In a political system that rewards men, women's quotas are useful

, by Andrea Celauro
A research paper on the Swiss electoral system by Giulia Savio, postdoctoral researcher at the AXA Research Lab for Gender Equality, shows how allocating seats to women avoids panachage imbalances

It is in the sites of power that the gender gap persists and is strongest. Among these, politics is the terrain of choice: few countries in Europe can boast a fair percentage of women in the positions that count. The delicate and important relationship between politics and gender and the differences in political performance between women and men are the focus of the research work of Giulia Savio, a post-doc at Bocconi's AXA Research Lab on Gender Equality. The gender gap in social power has often brought to the fore the debate on female quotas in politics, also in Italy.

In one of her works, "Does Panachage Backfire on Women? Monitoring Gender Gaps in an Open List System", Giulia Savio considers the Swiss electoral system, where there is a mechanism called panachage, i.e. the possibility of voting for a list by adding names of candidates from other lists (for Italy, it is conceptually similar to split voting). The researcher demonstrates how, in systems designed in this way, women's quotas can really be useful to mitigate the gender imbalance.

The study highlights how women candidates perform similarly to men in attracting voters of their own party, while they have lower results when it comes to gathering preferences of voters of other parties (i.e. through panachage). "This happens both because women often have smaller personal networks, also due to a shorter job history on average, and because male voters – who are also more likely to vote for candidates of other camps – tend to vote for male candidates". But lower results for women in the panachage system also have another implication, which further adds to the gender gap: "Since the electoral system favors parties that do well in panachage, in the medium term, male candidates tend to be preferred over female candidates when it comes to draw up the electoral lists".

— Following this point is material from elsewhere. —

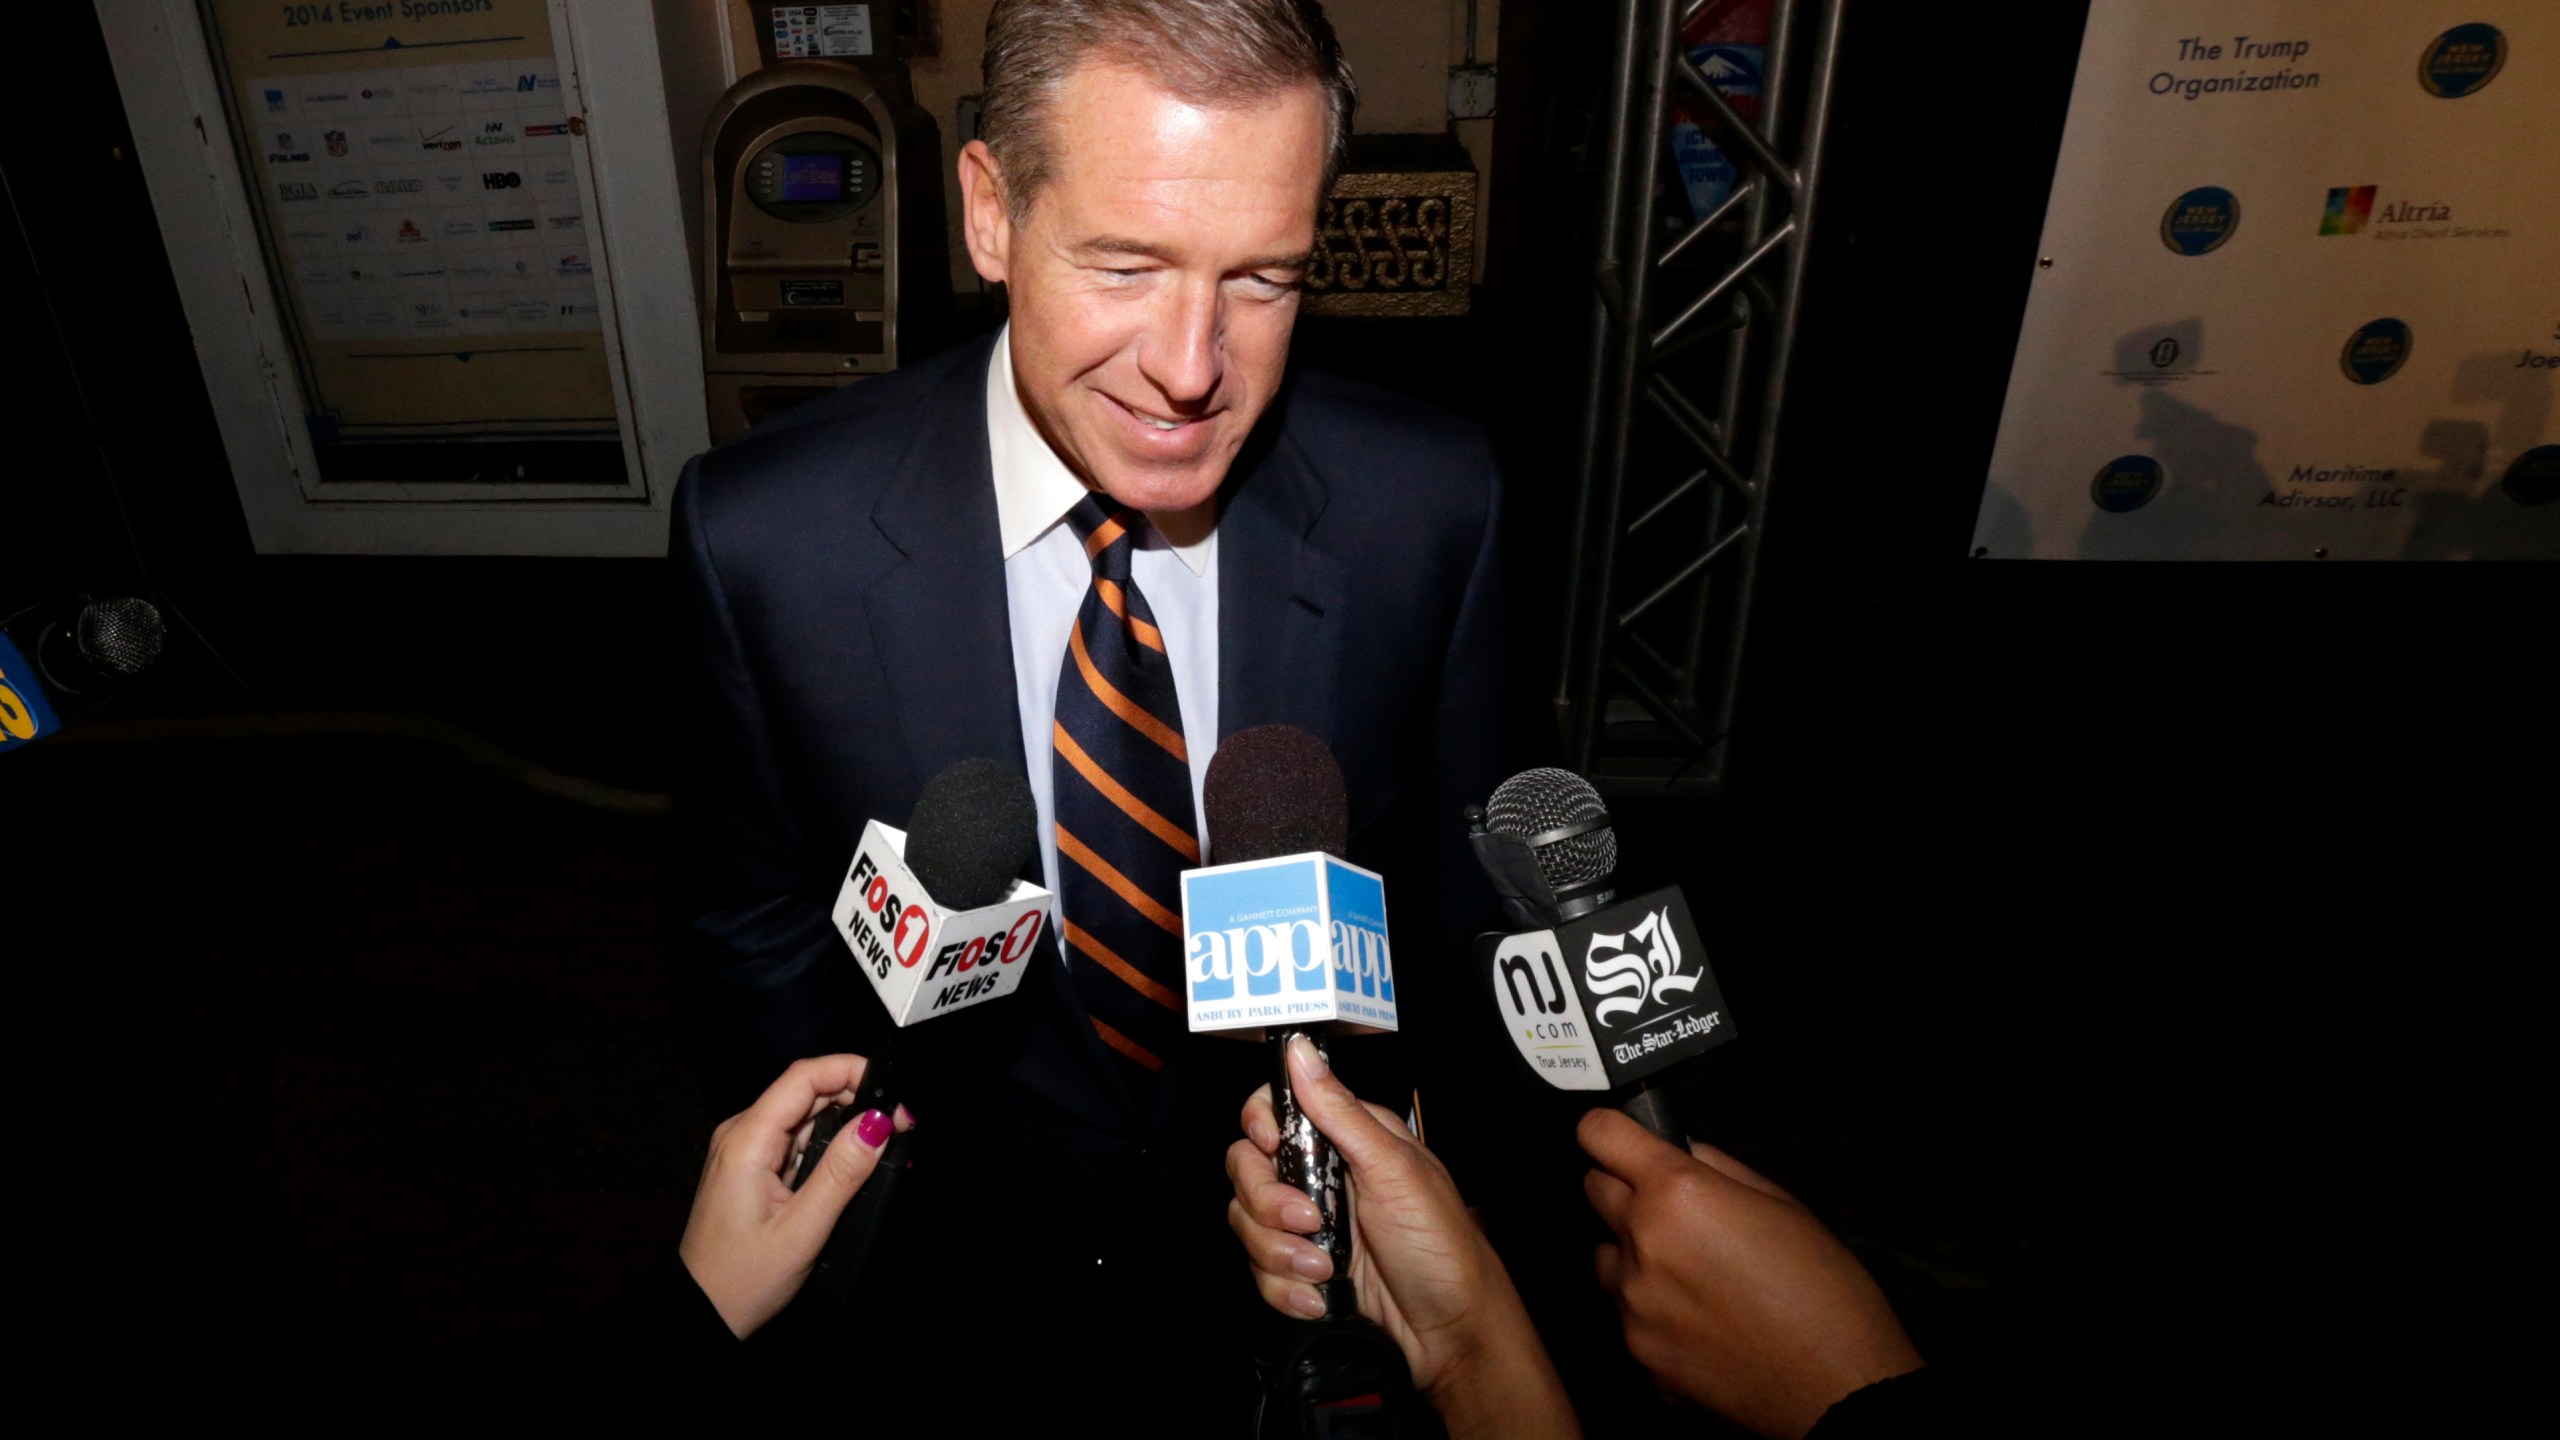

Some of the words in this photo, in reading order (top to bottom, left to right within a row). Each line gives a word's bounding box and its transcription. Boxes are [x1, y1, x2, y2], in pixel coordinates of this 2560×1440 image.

It is here, therefore, that women's quotas can come into play in a useful way, by safeguarding seats that would have otherwise been a male prerogative, due to the way in which the electoral system is conceived. Not only that, but "a cultural operation to push candidates to improve their personal networks, and inform voters of the presence of this gender bias in the panachage system, is also fundamental".

One question, however, remains crucial. Is gender representation in politics just a matter of fairness? The answer is no. As the researcher points out in "Gender Preferences of Leaders: Reaction in Time of Crisis", which she co-authored, women politicians – compared to men – tend to express the interests of under-represented classes of citizens, including children. The article demonstrates how, before the pandemic, Italy's female mayors invested a greater portion of public spending in child care and kindergartens that their male counterparts, a trend also observed in other countries.